El chaval número 72 está ahí plantado, con pétalos blancos cayéndole de las flores. Con los dedos de una mano se dedica a frotar la crucecita plateada que le cuelga de una cadena alrededor del cuello.

Cada vez que respiro siento cómo el relicario de oro que me regaló Cassie me rebota y me pellizca entre los pectorales. Dentro de ese corazoncito de oro traquetea la pastilla. El oro, pegajoso por la sangre de mi pezón.

– ¿Ese es realmente Cord Cuervo? -dice el número 137. Frunciendo los ojos para mirar a través de la nube de humo de maría y de colonia, el número 137 dice-: ¿La estrella de Escalofrío pélvico en la noche y de La importancia de tirarse a Ernesto?

Asiento con la cabeza. Y de El coño rico de lady Windermere, le digo. Todos proyectos elegantes y serios. Saludo con la mano a Cord y él me devuelve el saludo.

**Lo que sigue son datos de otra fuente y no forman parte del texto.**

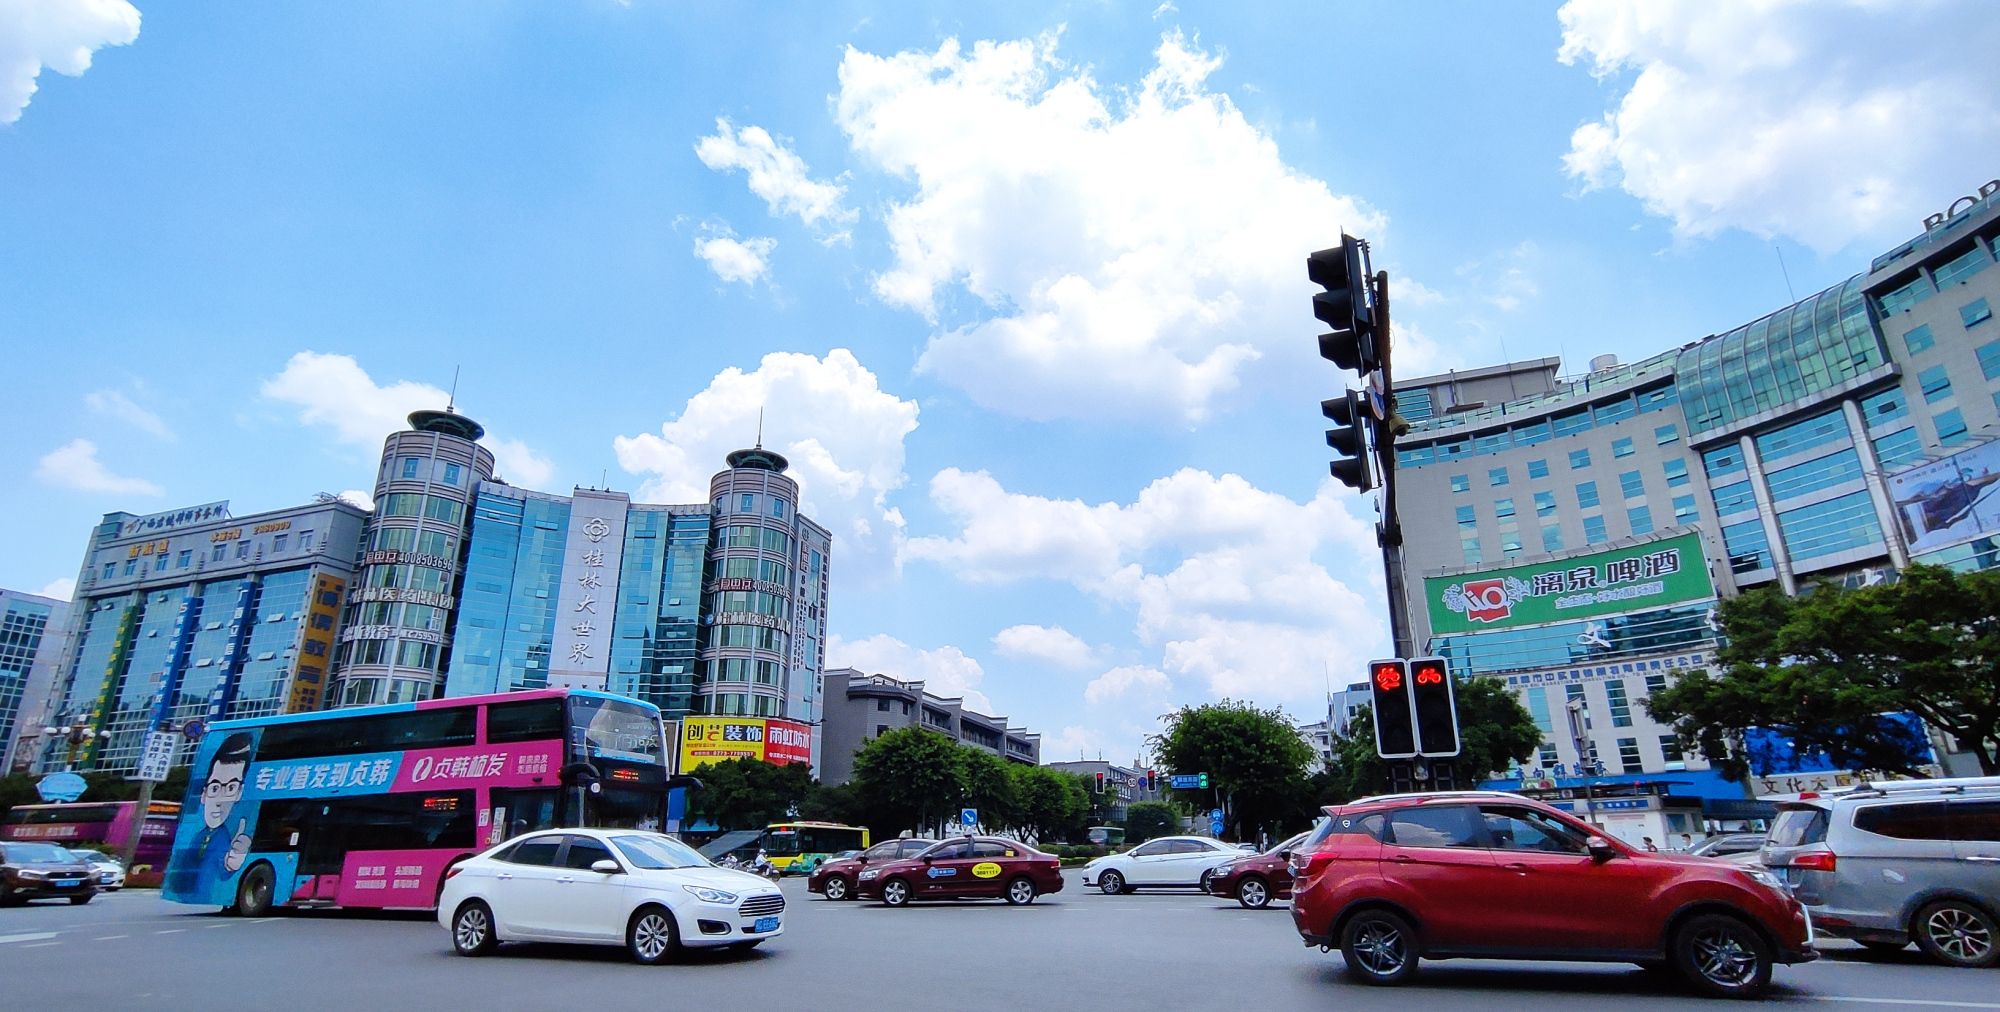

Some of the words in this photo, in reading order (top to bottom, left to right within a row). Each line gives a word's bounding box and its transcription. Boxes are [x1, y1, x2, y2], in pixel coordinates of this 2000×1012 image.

Número 49. Número 567. Número 278. Los tipos que Sheila va llamando cogen su bolsa de la ropa y la siguen escaleras arriba. La única que vuelve a salir es Sheila. Yo apuesto a que cuando has terminado te sacan de aquí por algún otro lado. No se van a arriesgar a que nadie vuelva atrás y nos cuente qué es lo que nos espera. El requisito legal para participar en un gang-bang es llevar a cabo «instancias de sexo», lo cual incluye cualquier agujero -su coño, culo o boca- y cualquier instrumento -tu polla, dedo o lengua-, pero solo por un minuto. No: sigues a Sheila por esa puerta y un minuto más tarde te marchas. Da igual que te corras o no, te acabas encontrando desnudo y sacado a empujones por alguna salida de incendios, poniéndote los pantalones en el callejón.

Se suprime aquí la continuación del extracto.